● Work instructions: Start to finish, print the data below exactly, without the images.

● Data in this exercise:
- Opening Delimiter -

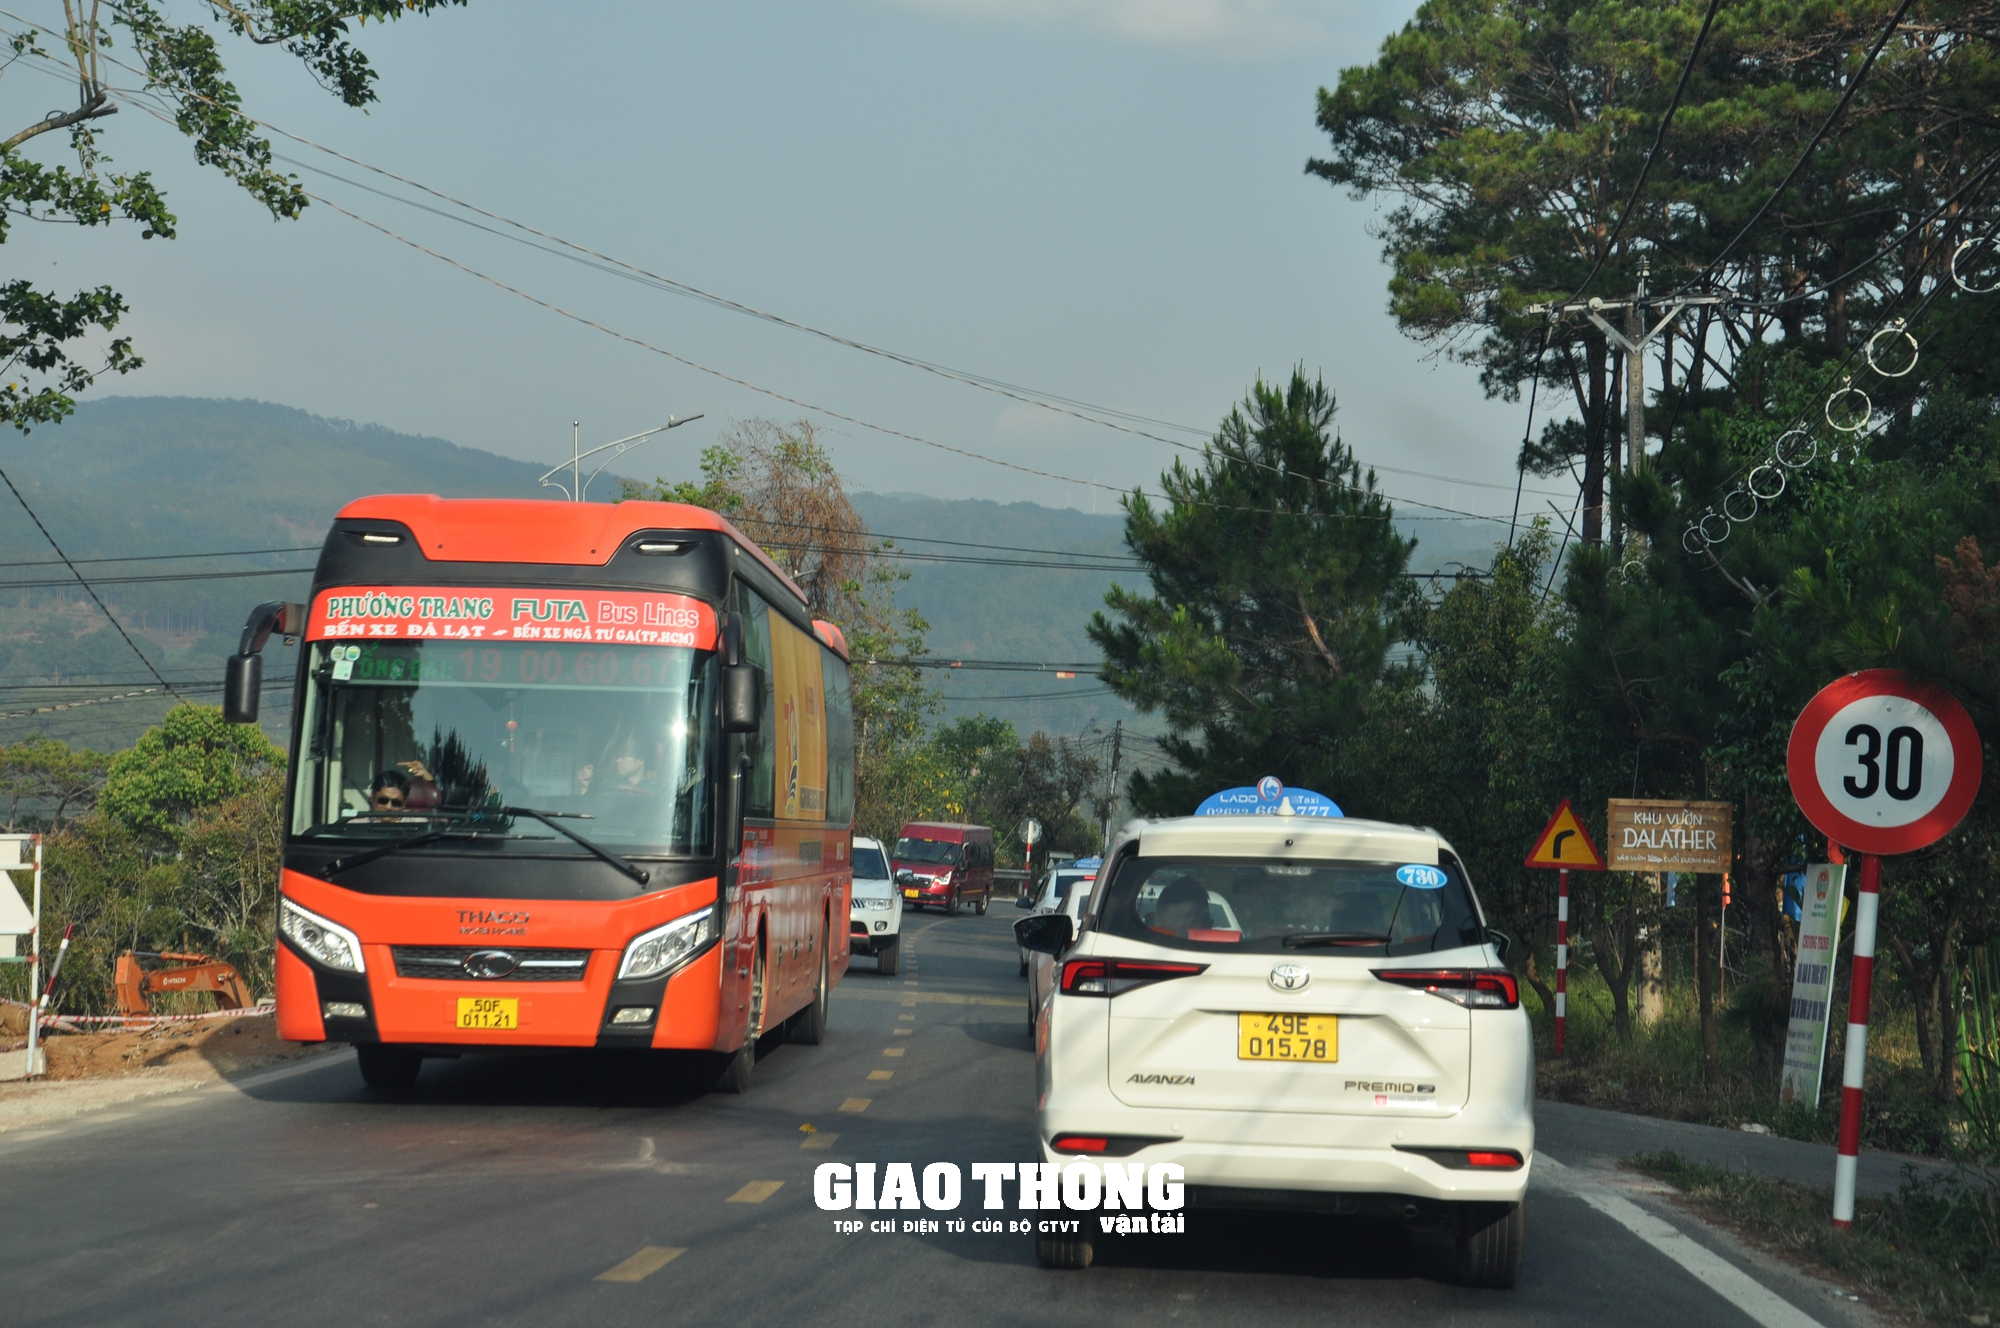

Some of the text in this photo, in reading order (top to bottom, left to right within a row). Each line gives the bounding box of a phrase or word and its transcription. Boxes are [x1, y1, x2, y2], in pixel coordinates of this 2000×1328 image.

[327, 591, 699, 628] PHƯƠNG TRANG FUTA Bus Lines
[323, 620, 365, 637] BẾN
[369, 624, 398, 636] XE
[407, 622, 438, 636] ĐÀ
[443, 625, 485, 639] LẠT
[513, 622, 540, 638] BẾN
[542, 627, 561, 639] XE
[563, 625, 592, 640] NGÃ
[595, 628, 614, 640] TƯ
[1843, 724, 1924, 801] 30
[1219, 794, 1320, 805] LADO Taxi
[1296, 806, 1330, 817] 777
[1634, 808, 1703, 826] KHU VƯỜN
[1622, 827, 1718, 850] DALATHER
[1404, 868, 1439, 886] 730
[457, 910, 530, 924] THACO
[475, 1000, 501, 1012] 50F
[463, 1013, 510, 1027] 011.21
[1267, 1014, 1309, 1035] 49E
[1250, 1037, 1327, 1059] 015.78
[1126, 1073, 1195, 1085] AVANZA
[1344, 1081, 1415, 1093] PREMIO

- Closing Delimiter -

● Answer space:
Some of the text in this photo, in reading order (top to bottom, left to right within a row). Each line gives the bounding box of a phrase or word and its transcription. Boxes are [x1, y1, x2, y2], in pixel coordinates of this 2000×1328 image.

[327, 591, 699, 628] PHƯƠNG TRANG FUTA Bus Lines
[323, 620, 365, 637] BẾN
[369, 624, 398, 636] XE
[407, 622, 438, 636] ĐÀ
[443, 625, 485, 639] LẠT
[513, 622, 540, 638] BẾN
[542, 627, 561, 639] XE
[563, 625, 592, 640] NGÃ
[595, 628, 614, 640] TƯ
[1843, 724, 1924, 801] 30
[1219, 794, 1320, 805] LADO Taxi
[1296, 806, 1330, 817] 777
[1634, 808, 1703, 826] KHU VƯỜN
[1622, 827, 1718, 850] DALATHER
[1404, 868, 1439, 886] 730
[457, 910, 530, 924] THACO
[475, 1000, 501, 1012] 50F
[463, 1013, 510, 1027] 011.21
[1267, 1014, 1309, 1035] 49E
[1250, 1037, 1327, 1059] 015.78
[1126, 1073, 1195, 1085] AVANZA
[1344, 1081, 1415, 1093] PREMIO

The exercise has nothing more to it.